Human herpesvirus 6 and measles virus employ distinct CD46 domains for receptor function

We employed a quantitative cell fusion assay to identify structural domains of CD46 required for its function as a receptor for human herpesvirus 6 (HHV-6). We examined the activities of recombinant variants of CD46, including different isoforms as well as engineered truncations and molecular chimeras with decay-accelerating factor, a related protein in the family of regulators of complement activation (RCA).

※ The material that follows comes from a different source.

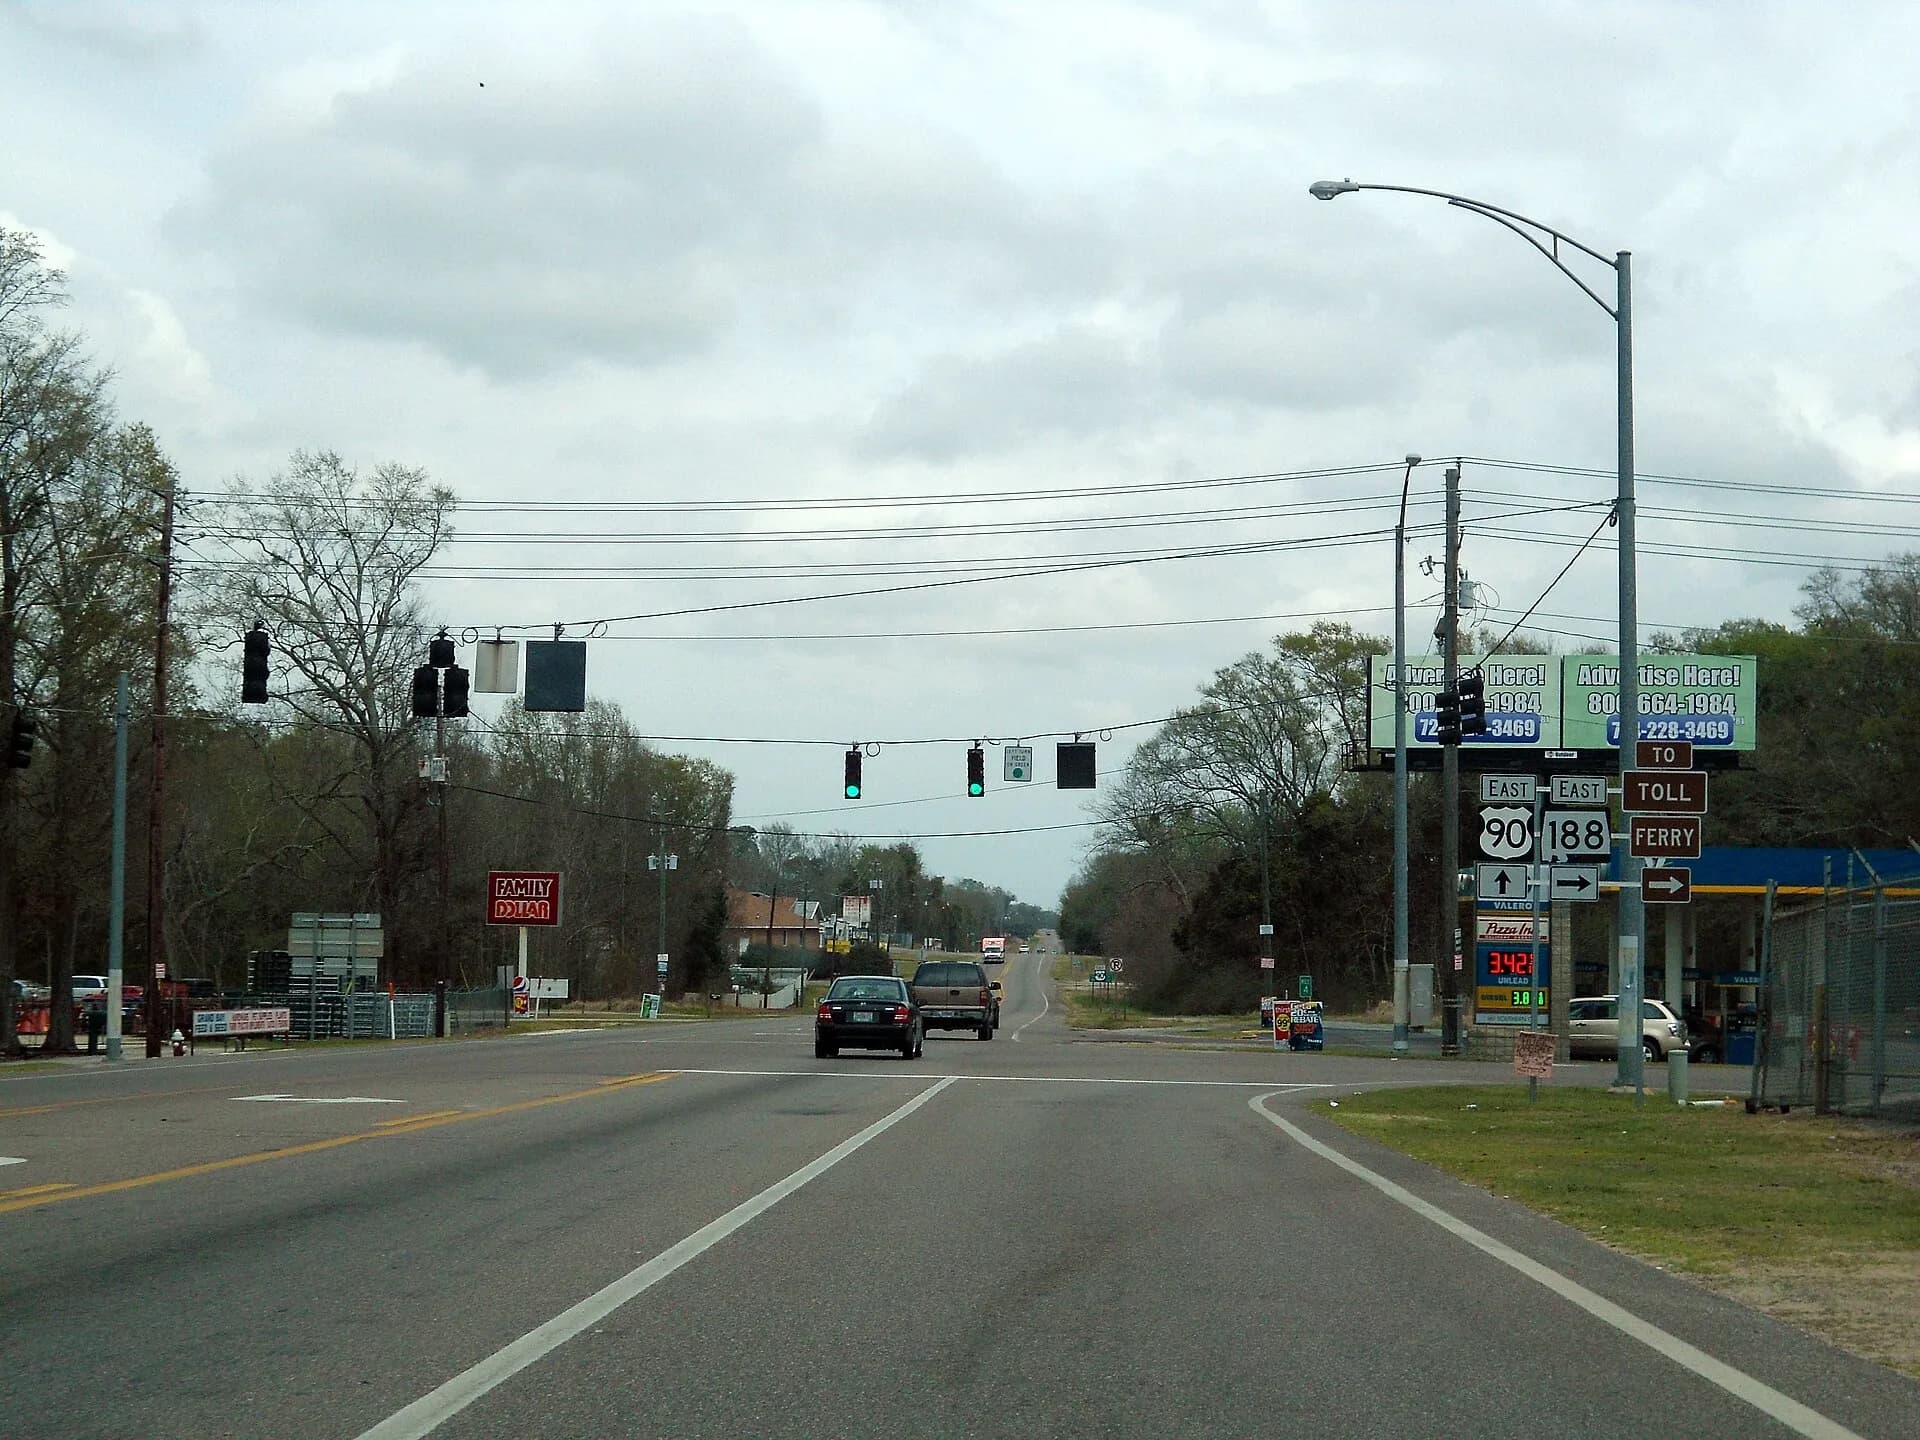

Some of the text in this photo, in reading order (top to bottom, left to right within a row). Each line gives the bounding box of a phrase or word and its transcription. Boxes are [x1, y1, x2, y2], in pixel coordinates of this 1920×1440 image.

We observed strong receptor activity for all four CD46 isoforms, which differ in the membrane-proximal extracellular and cytoplasmic domains, indicating that the critical determinants for HHV-6 receptor activity reside outside the C-terminal portion of CD46. Analysis of the short consensus repeat (SCR) regions that comprise most of the extracellular portion of CD46 indicated a strong dependence on SCRs 2 and 3 and no requirement for SCRs 1 or 4. Fusion-inhibition studies with SCR-specific monoclonal antibodies supported the essential role of SCRs 2 and 3 in HHV-6 receptor activity. These findings contrast markedly with fusion mediated by measles virus glycoproteins for which we observed a strict dependence on SCRs 1 and 2, consistent with previous reports. These results expand the emerging notion that CD46 and other members of the RCA family are co-opted in distinct manners by different infectious pathogens.